How can the proposed attack taxonomy and automated red teaming framework be extended to other types of generative models beyond language models, such as image or multimodal generators?

The proposed attack taxonomy and automated red teaming framework can be extended to other types of generative models by adapting the strategies and search methods to suit the specific characteristics of those models. For image generators, the attack taxonomy can include strategies that manipulate pixel values or introduce perturbations to generate misleading or harmful images. The searchers can be designed to explore the image space efficiently and find prompts that trigger undesirable outputs from the image generator. For multimodal generators, which combine text and images, the attack taxonomy can incorporate strategies that exploit the interaction between the modalities to induce unsafe behaviors. The automated red teaming framework can integrate both text-based and image-based attacks to comprehensively evaluate the safety of multimodal generators. By considering the unique features and vulnerabilities of each type of generative model, the attack taxonomy and automated red teaming framework can be tailored to effectively assess and mitigate risks in diverse AI systems.

What are the potential ethical concerns and societal implications of the red teaming techniques discussed in this survey, and how can they be addressed responsibly?

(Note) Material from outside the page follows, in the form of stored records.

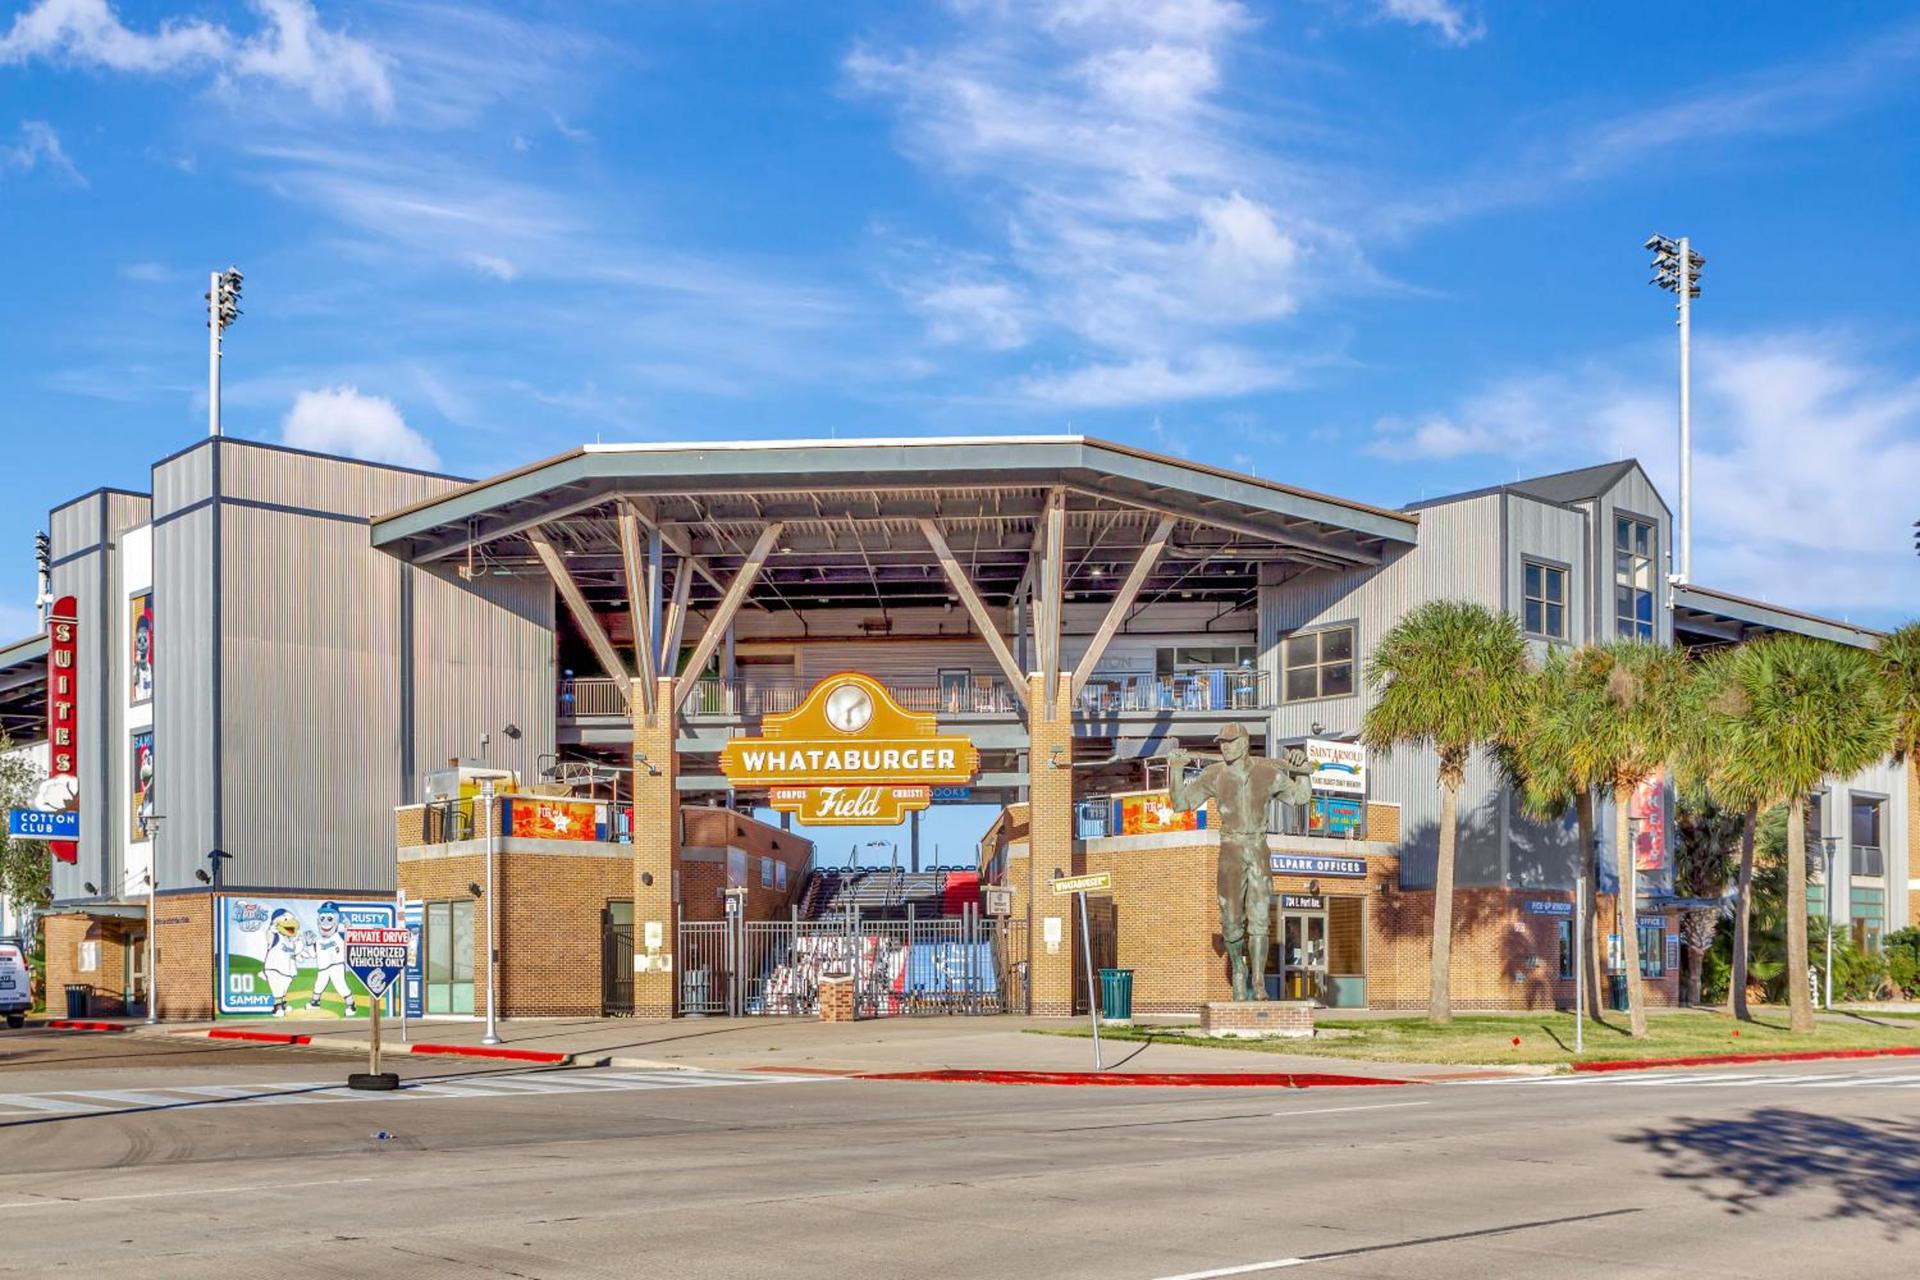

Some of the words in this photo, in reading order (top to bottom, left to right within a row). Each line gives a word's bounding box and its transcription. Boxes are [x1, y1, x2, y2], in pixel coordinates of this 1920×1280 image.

[55, 624, 71, 771] SUITES
[1310, 744, 1332, 759] SAINT
[742, 749, 955, 772] WHATABURGER
[776, 790, 807, 799] CORPUS
[892, 789, 924, 799] CHRISTI
[934, 787, 966, 798] OOKS
[816, 786, 881, 817] Field
[20, 812, 75, 824] COTTON
[20, 822, 53, 833] CLUB
[1273, 859, 1313, 870] LLPARK
[1316, 861, 1361, 872] OFFICES
[351, 913, 385, 923] RUSTY
[1639, 918, 1661, 926] OFFICE
[347, 930, 380, 943] PRIVATE
[383, 931, 408, 943] DRIVE
[350, 946, 405, 958] AUTHORIZED
[350, 956, 384, 967] VEHICLES
[384, 958, 405, 968] ONLY
[229, 974, 255, 993] 00
[229, 994, 271, 1005] SAMMY

The red teaming techniques discussed in this survey raise ethical concerns related to the potential harm caused by manipulating generative models to produce harmful or biased outputs. These techniques can be misused to spread misinformation, promote unethical behaviors, or infringe on individuals' privacy. Additionally, there is a risk of unintended consequences, where the generated content may have negative impacts on individuals or communities. To address these ethical concerns responsibly, researchers and practitioners should prioritize transparency, accountability, and fairness in their red teaming practices. It is essential to clearly communicate the purpose and methodology of red teaming experiments, obtain informed consent from participants, and ensure that the generated content is used responsibly and ethically. Moreover, incorporating diverse perspectives, ethical guidelines, and oversight mechanisms can help mitigate the potential societal implications of red teaming techniques and promote the responsible use of AI technologies.

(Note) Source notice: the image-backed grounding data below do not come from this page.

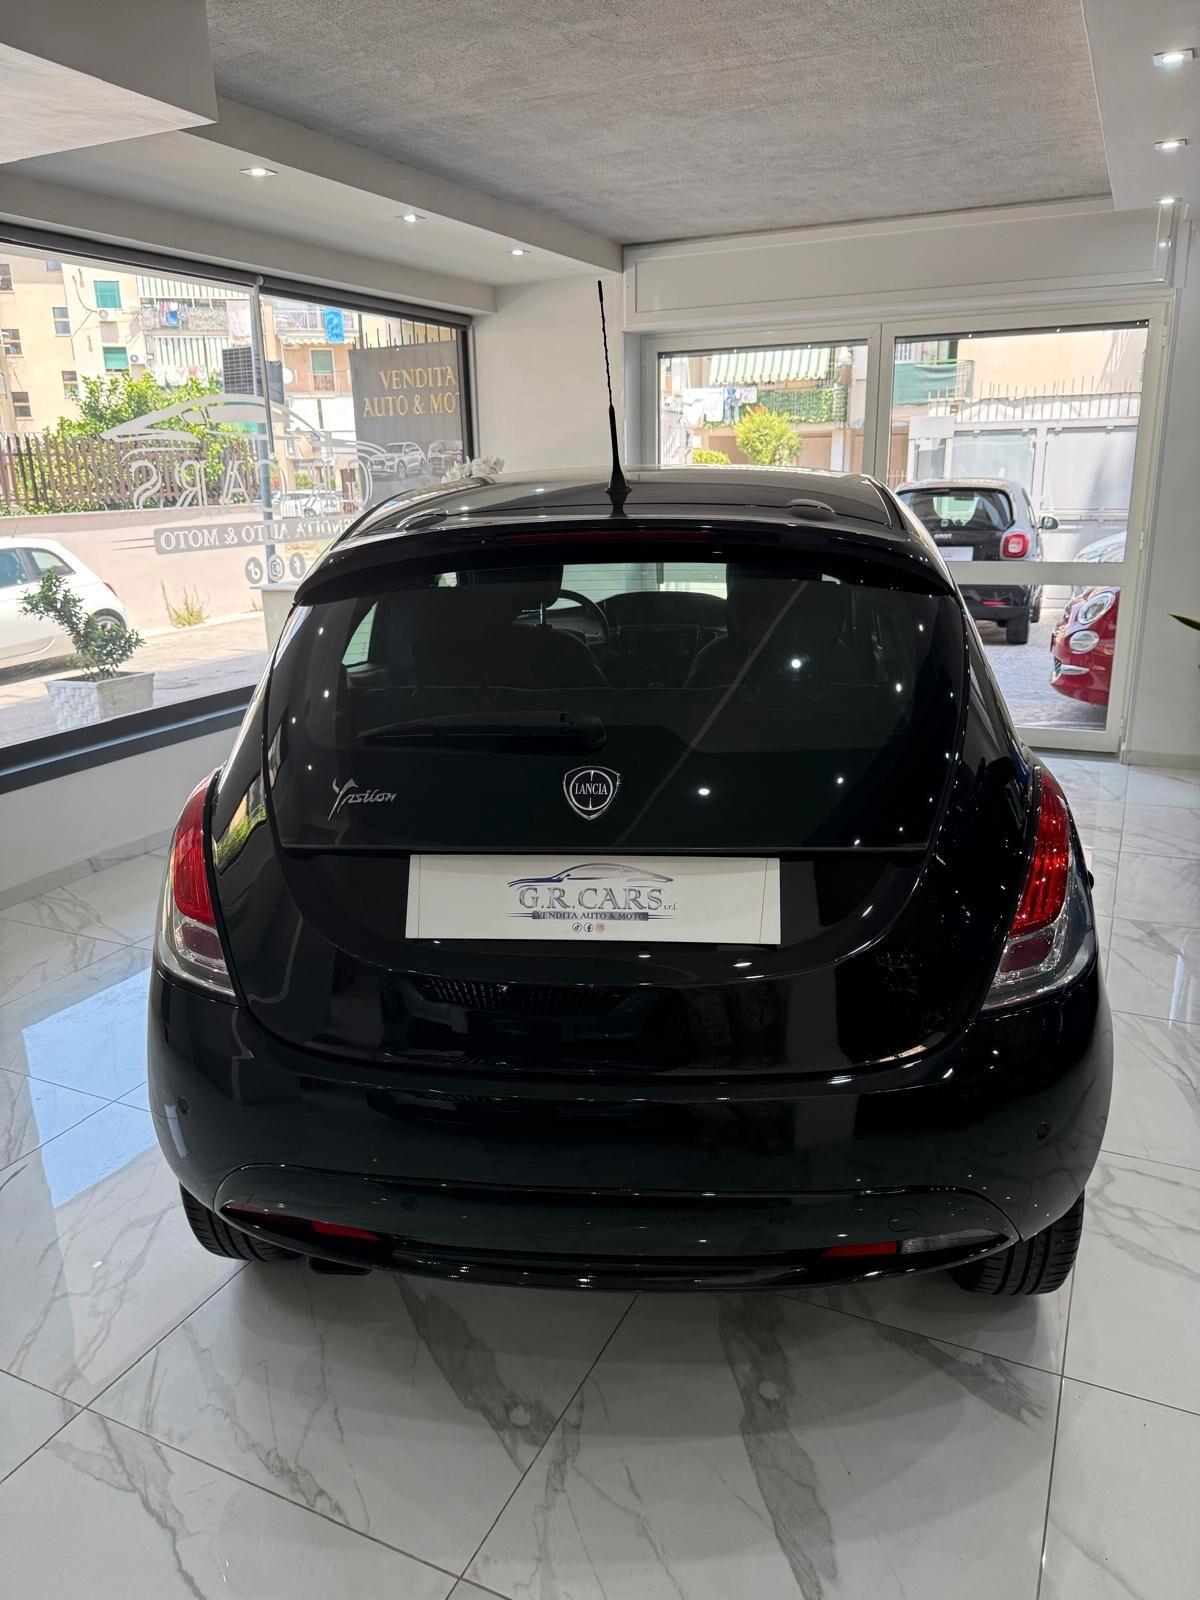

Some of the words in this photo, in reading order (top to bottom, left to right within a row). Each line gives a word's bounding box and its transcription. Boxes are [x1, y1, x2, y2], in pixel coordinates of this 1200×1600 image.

[380, 366, 459, 390] VENDITA
[363, 395, 409, 417] AUTO
[413, 394, 426, 415] &
[327, 777, 397, 821] Ypsilon
[574, 783, 608, 795] LANCIA
[537, 911, 578, 920] VENDITA
[580, 911, 607, 920] AUTO
[608, 912, 618, 920] &
[619, 912, 648, 921] MOTO

Given the rapidly evolving nature of generative AI systems, what new attack vectors and defense mechanisms might emerge in the future, and how can the research community stay ahead of these developments?

As generative AI systems continue to advance, new attack vectors and defense mechanisms are likely to emerge. Attackers may exploit vulnerabilities in the training data, model architectures, or inference processes to deceive or manipulate generative models. New attack vectors could involve adversarial examples, model inversion attacks, or data poisoning to compromise the integrity and safety of AI systems. To stay ahead of these developments, the research community can proactively engage in interdisciplinary collaborations, share knowledge and best practices, and continuously evaluate and improve existing defense mechanisms. By conducting thorough risk assessments, developing robust security protocols, and fostering a culture of responsible AI research, the community can anticipate and mitigate emerging threats in generative AI systems. Additionally, ongoing education, training, and ethical guidelines can help researchers and practitioners navigate the evolving landscape of AI security and ensure the responsible development and deployment of AI technologies.